Zillow, Seattle, WA.
Adv Intell Syst. 2024 Sep;6(9). doi: 10.1002/aisy.202400044. Epub 2024 Aug 22.
Capsule networks promise significant benefits over convolutional networks by storing stronger internal representations, and routing information based on the agreement between intermediate representations' projections. Despite this, their success has been limited to small-scale classification datasets due to their computationally expensive nature. Though memory efficient, convolutional capsules impose geometric constraints that fundamentally limit the ability of capsules to model the pose/deformation of objects. Further, they do not address the bigger memory concern of class-capsules scaling up to bigger tasks such as detection or large-scale classification. In this study, we introduce a new family of capsule networks, deformable capsules (), to address a very important problem in computer vision: object detection. We propose two new algorithms associated with our : a novel capsule structure (), and a novel dynamic routing algorithm (), which balance computational efficiency with the need for modeling a large number of objects and classes, which have never been achieved with capsule networks before. We demonstrate that the proposed methods efficiently scale up to create the first-ever capsule network for object detection in the literature.
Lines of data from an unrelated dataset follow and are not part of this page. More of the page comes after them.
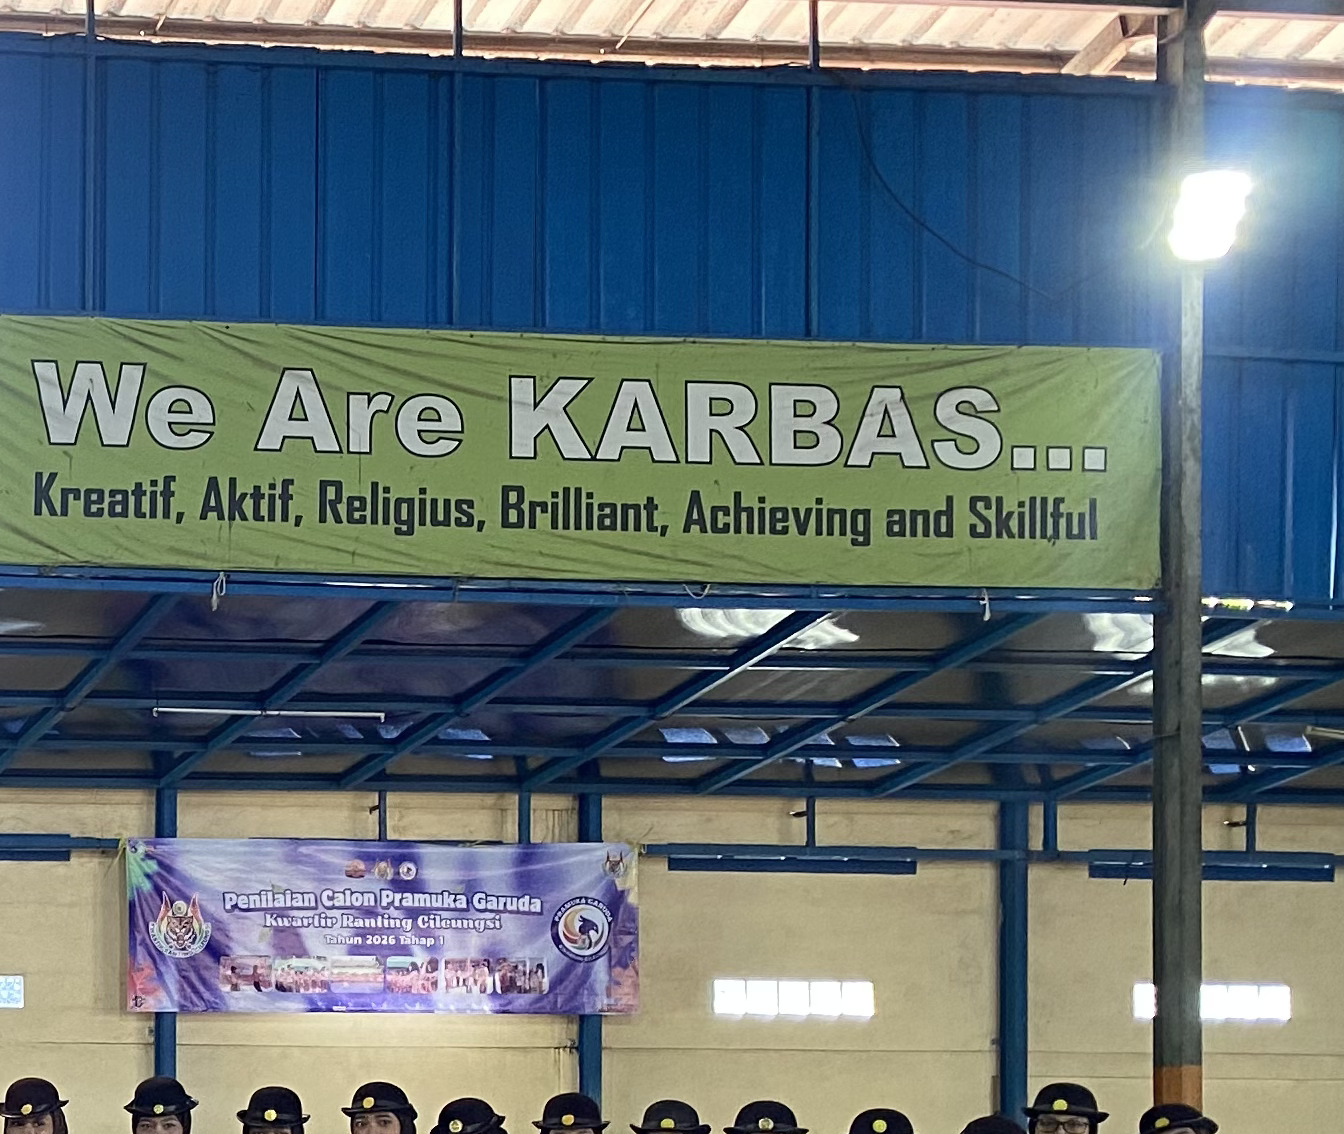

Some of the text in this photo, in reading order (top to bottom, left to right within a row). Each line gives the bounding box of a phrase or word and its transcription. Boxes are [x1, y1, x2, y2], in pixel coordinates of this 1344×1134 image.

[31, 358, 1108, 472] We Are KARBAS...
[33, 471, 1099, 548] Kreatif, Aktif, Religius, Brilliant, Achieving and Skillful
[222, 889, 542, 914] Penilaian Calon Pramuka Garuda
[588, 899, 613, 922] GARUDA
[264, 913, 501, 932] Kwartir Ranting Cileungsi
[324, 934, 362, 947] Tahun
[366, 934, 396, 947] 2026
[399, 934, 435, 950] Tahap
Our proposed architecture is a one-stage detection framework and it obtains results on MS COCO which are on par with state-of-the-art one-stage CNN-based methods, while producing fewer false positive detection, generalizing to unusual poses/viewpoints of objects.
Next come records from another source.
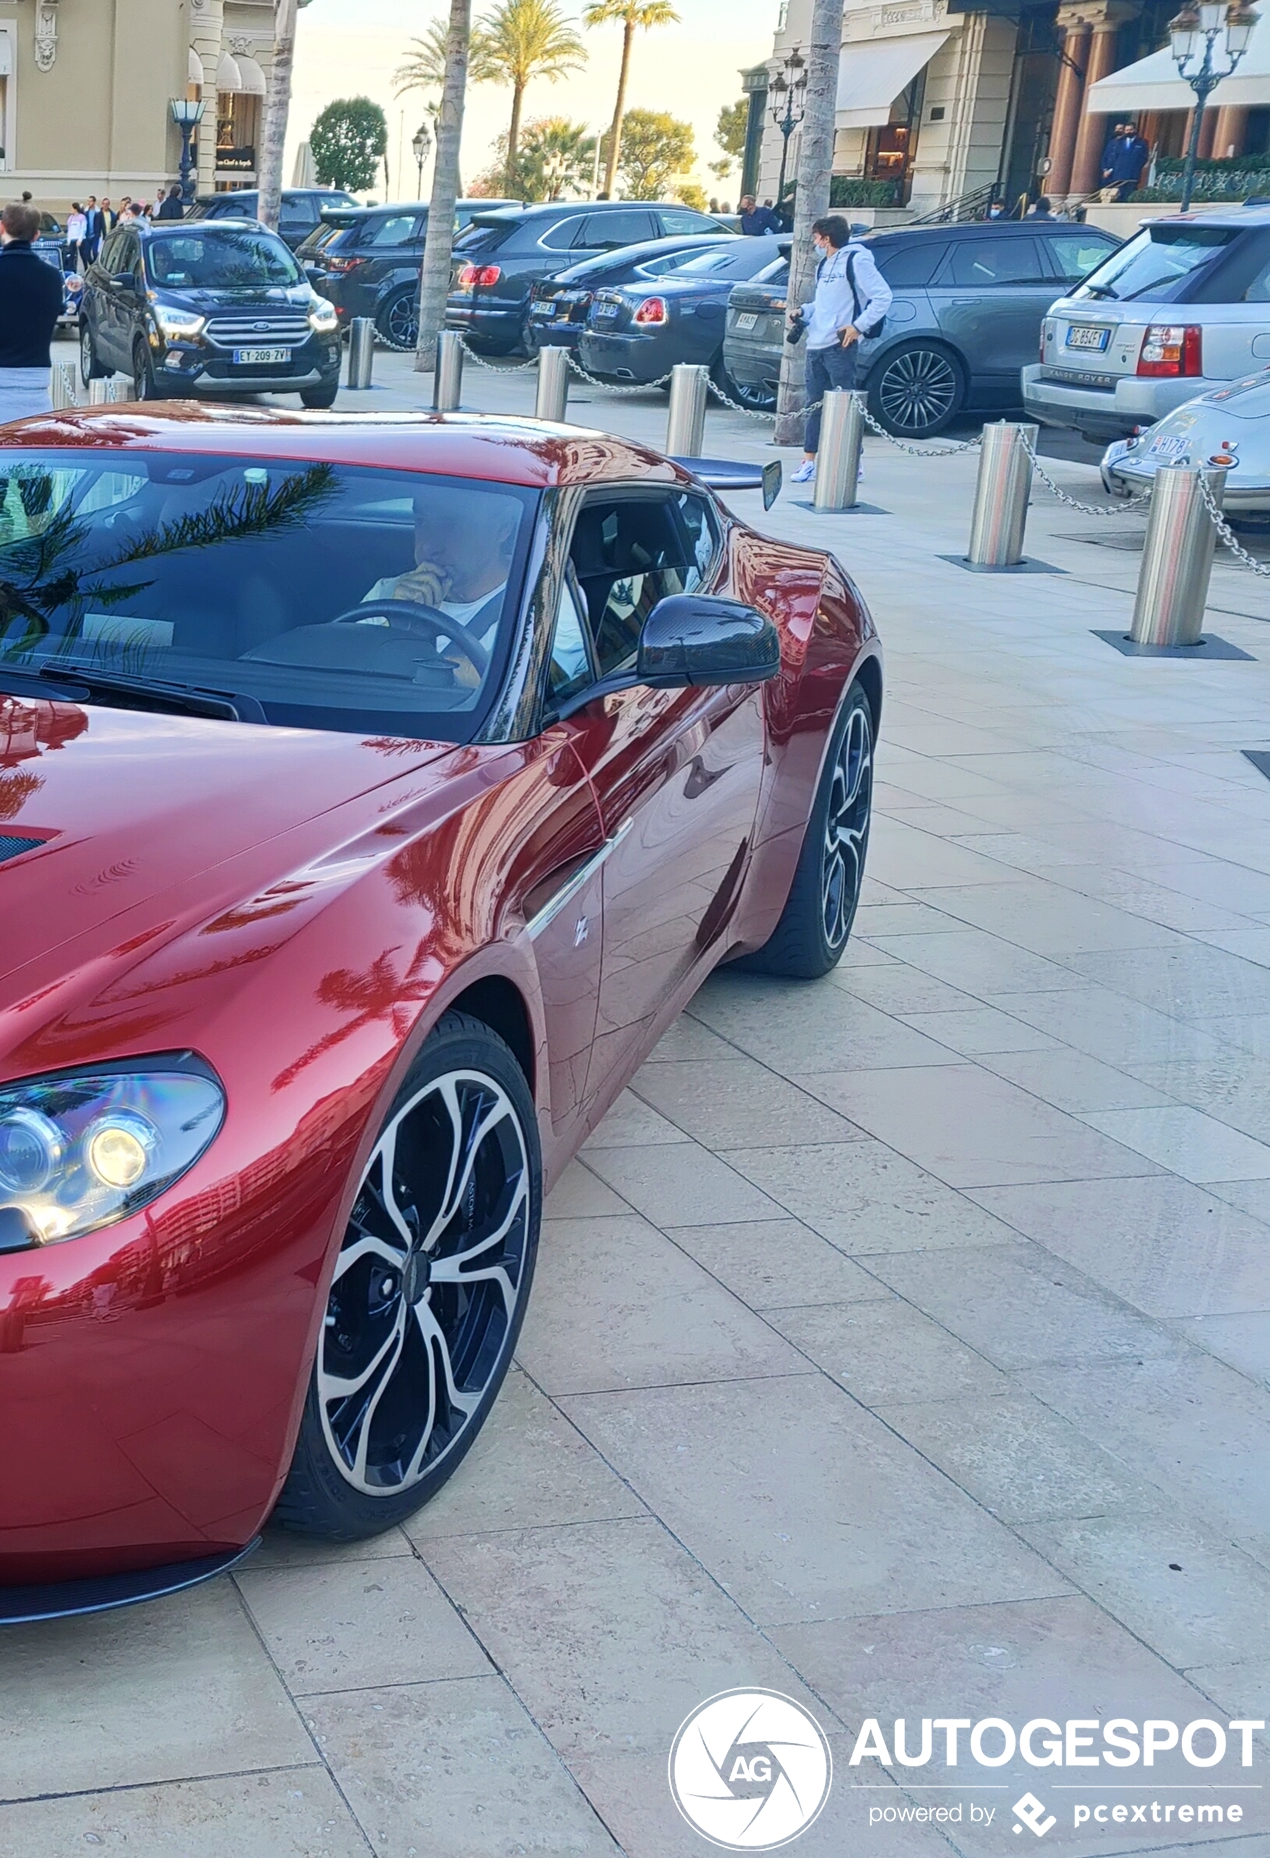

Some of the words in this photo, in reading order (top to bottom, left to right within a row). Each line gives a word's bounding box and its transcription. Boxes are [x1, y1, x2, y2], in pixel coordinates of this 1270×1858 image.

[1050, 369, 1074, 379] RANGE
[1077, 372, 1111, 384] ROVER
[1159, 436, 1186, 454] H178
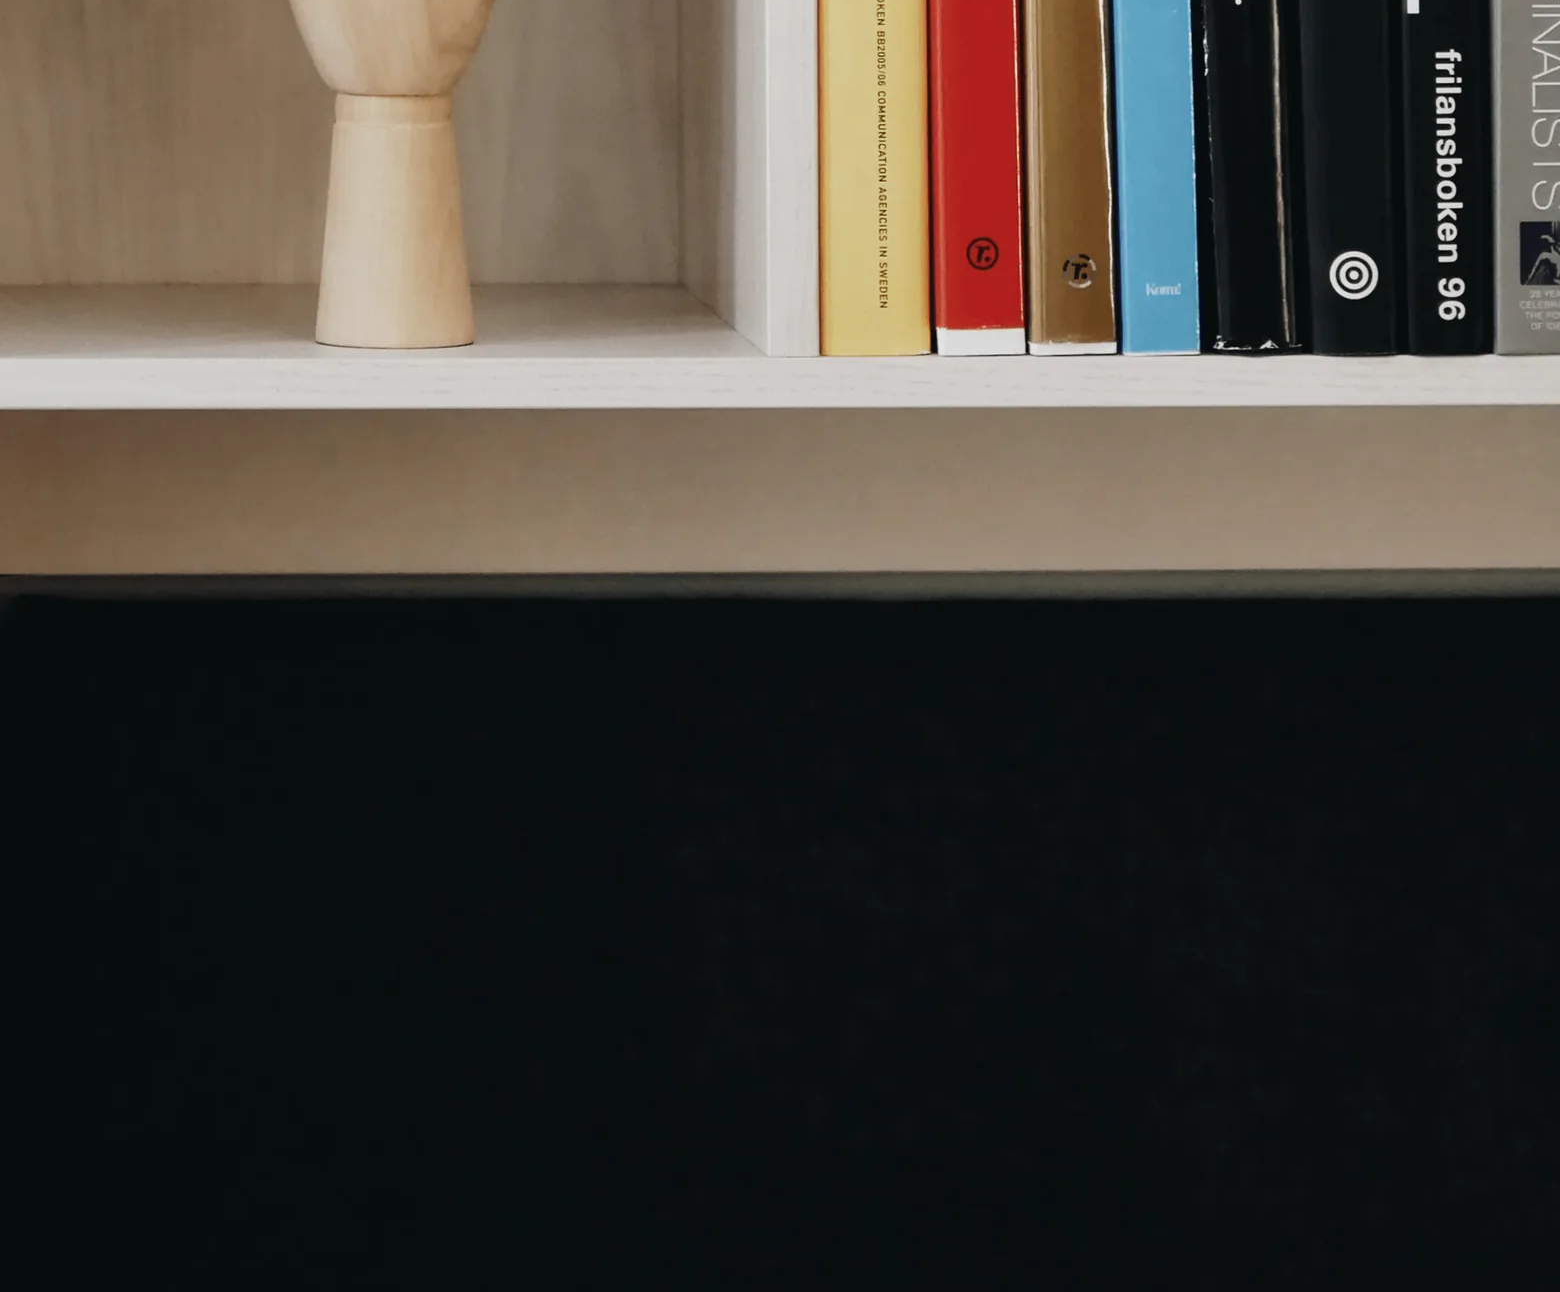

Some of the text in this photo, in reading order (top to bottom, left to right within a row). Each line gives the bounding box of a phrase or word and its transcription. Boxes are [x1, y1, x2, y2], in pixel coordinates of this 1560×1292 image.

[877, 30, 887, 86] BB2005/06
[877, 90, 888, 182] COMMUNICATION
[1435, 49, 1467, 321] frilansboken 96
[878, 187, 888, 242] AGENCIES
[878, 246, 887, 258] IN
[878, 262, 888, 309] SWEDEN
胶囊网络通过存储更强的内部表示,并基于中间表示投影之间的一致性来路由信息,有望比卷积网络带来显著优势。尽管如此,由于其计算成本高昂,它们的成功仅限于小规模分类数据集。卷积胶囊虽然内存效率高,但施加了几何约束,从根本上限制了胶囊对物体姿态/变形进行建模的能力。此外,它们没有解决类胶囊扩展到诸如检测或大规模分类等更大任务时更大的内存问题。在本研究中,我们引入了一个新的胶囊网络家族,即可变形胶囊(),以解决计算机视觉中一个非常重要的问题:目标检测。我们提出了与我们的相关的两种新算法:一种新颖的胶囊结构()和一种新颖的动态路由算法(),它们在计算效率与对大量物体和类进行建模的需求之间取得平衡,这是胶囊网络以前从未实现过的。我们证明,所提出的方法能够有效地扩展,从而创建了文献中首个用于目标检测的胶囊网络。我们提出的架构是一个单阶段检测框架,它在MS COCO数据集上获得的结果与基于最先进的单阶段卷积神经网络的方法相当,同时产生更少的误报检测,能够推广到物体的异常姿态/视角。